(Referring expression grounding data)
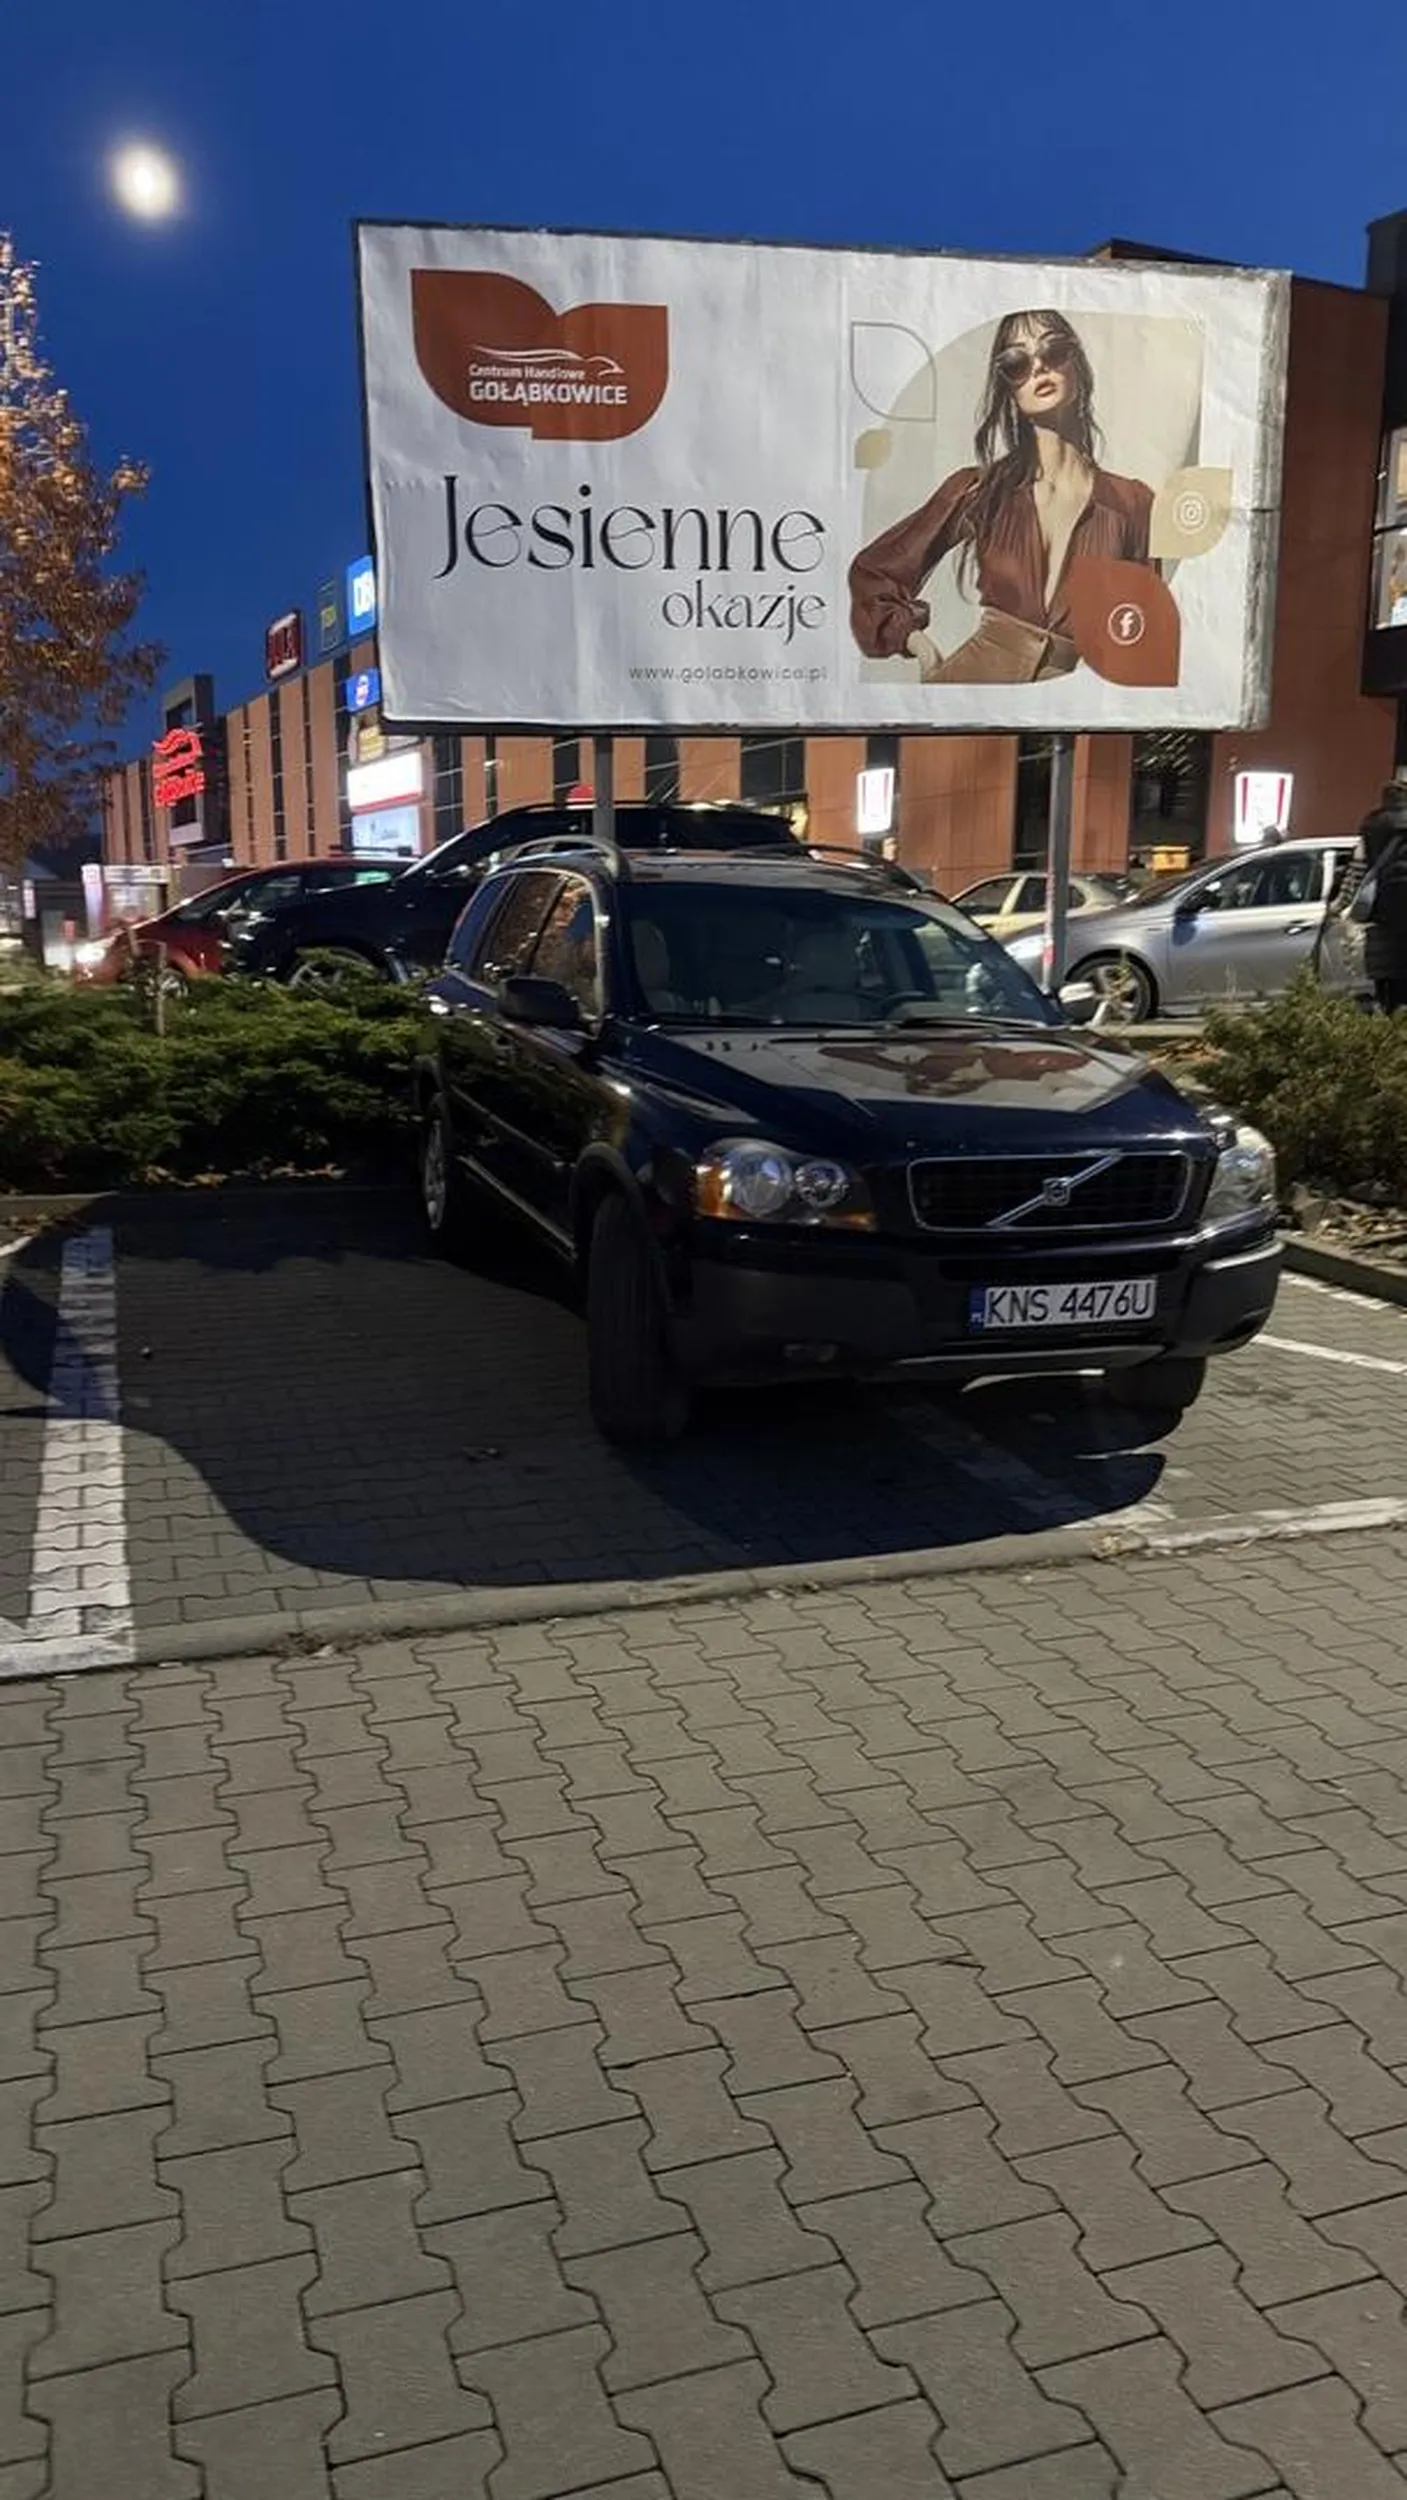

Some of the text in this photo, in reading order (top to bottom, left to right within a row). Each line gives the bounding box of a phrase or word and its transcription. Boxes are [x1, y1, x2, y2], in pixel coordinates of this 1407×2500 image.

[468, 363, 586, 380] Centrum Handlowe
[469, 380, 628, 407] GOŁĄBKOWICE
[432, 475, 827, 580] Jesienne
[661, 578, 828, 645] okazje
[986, 1283, 1151, 1325] KNS 4476U

## About this task:
Transcribe each record exactly as it stands, setting aside any pictures.

## The completed task:
Some of the text in this photo, in reading order (top to bottom, left to right within a row). Each line gives the bounding box of a phrase or word and its transcription. Boxes are [x1, y1, x2, y2], in pixel coordinates of this 1407×2500 image.

[468, 363, 586, 380] Centrum Handlowe
[469, 380, 628, 407] GOŁĄBKOWICE
[432, 475, 827, 580] Jesienne
[661, 578, 828, 645] okazje
[986, 1283, 1151, 1325] KNS 4476U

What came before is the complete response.